Pakistan: Committing Genocide Against Fellow Muslims
This is the ninth installment in Kapil Komireddi’s series, Pakistan: Anatomy of a Failed State. Click here for the rest of the series.
On the night of 25 March 1971, tanks rolled into the campus of Dhaka University, opening fire on the sleeping students of the Jaganath and Iqbal halls. Sitting behind his bedroom window in the flat opposite the halls, Professor Nurul Ullah of the university’s Engineering Department captured the slaughter on a camera he had purchased on a trip back from the U.S. the previous year. The shaky black-and-white footage paralyses the viewer.

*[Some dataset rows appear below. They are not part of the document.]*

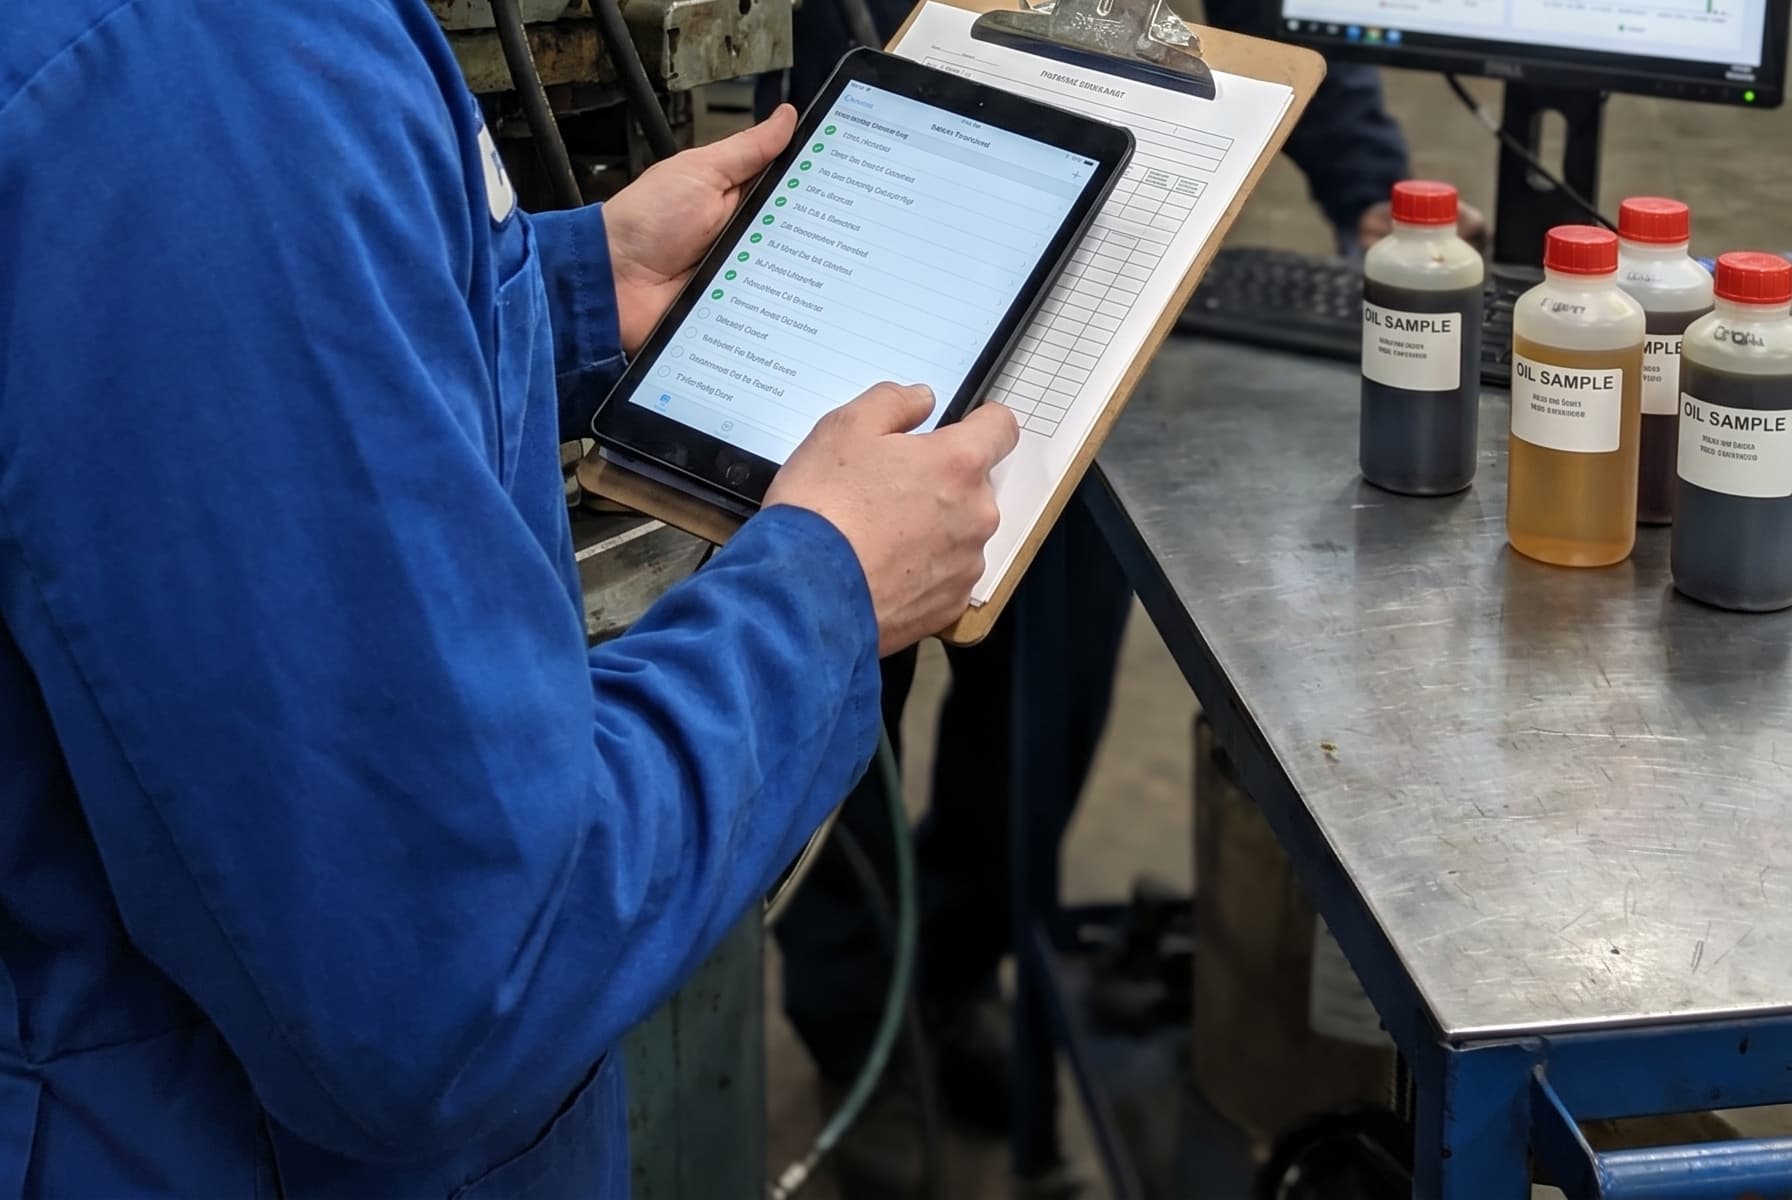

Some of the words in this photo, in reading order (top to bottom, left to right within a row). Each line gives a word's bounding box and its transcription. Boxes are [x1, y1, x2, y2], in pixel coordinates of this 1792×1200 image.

[1365, 307, 1381, 326] OIL
[1384, 315, 1451, 333] SAMPLE
[1643, 341, 1682, 355] MPLE
[1516, 362, 1536, 382] OIL
[1539, 370, 1614, 390] SAMPLE
[1684, 401, 1705, 423] OIL
[1708, 411, 1786, 432] SAMPLE

httpvh://www.youtube.com/watch?v=VVg141VKxbs
Tiny figures carrying corpses emerge from the halls. These are the students, dressed in light clothes, neatly piling up the dead bodies of their classmates and professors. Cows graze lazily a few feet away. A crow flies off an electric pole. The students then line up in a row. The Pakistani army appears. One student drops to his knees and grabs the jackboot of a soldier, begging for mercy. He is shot. The gap between each shot decreases progressively thereafter, reaching a crescendo within seconds. The sound is muffled by the distance, but it is distinct because there is no other noise. In a haunting flash, the cows run. The students calmly collapse into a fresh pile. One student is left standing in the middle of the pile. He is still for a moment. A final shot adds him to the pile he stands over. The soldiers then walk between the bodies and fire shots at them. This was the beginning. Tikka Khan declared that he would implement the “Final Solution,” promising to kill 4 million Bengalis in 48 hours. “Army officials and soldiers give every sign of believing that they are now embarked on a Jehad against Hindu-corrupted Bengalis,” Consul-General Archer Blood of the U.S. mission in Dhaka wrote. Assisted by 13 battalions of mujahideen, Pakistan’s soldiers slaughtered three million people at the rate of 500 an hour over 9 bloodcurdling months in 1971 in what is today Bangladesh. Half a million women were turned into sex slaves.
By August 1971, nearly 10 million Bengali refugees had flooded into India. At the peak of their inhumanity, Pakistani leaders persisted in presenting their country as a victim: they described India’s acceptance of refugees as an “Indo-Zionist plot against Islamic Pakistan.” Israel was nowhere in the picture, but India had by then trained and armed Bengali guerrillas.
“CRUSH INDIA” stickers went up on car windows in Lahore and Rawalpindi. Radio Pakistan, typifying the male chauvinism of the Pakistani establishment, blared the song “War is not a game that a woman can play” in pointed reference to India’s prime minister, Indira Gandhi. A top-secret memo reached Zulfi Bhutto from the president’s secretariat, informing him that “any day now you should become the Prime Minister to our great delight.” Then, somewhat hubristically, it read: “Pakistan should occupy the whole of Eastern India and make it a part of East Pakistan... This will also provide a physical link with China. Kashmir should be taken at any price, and even the Sikh Punjab and turned into Khalistan.”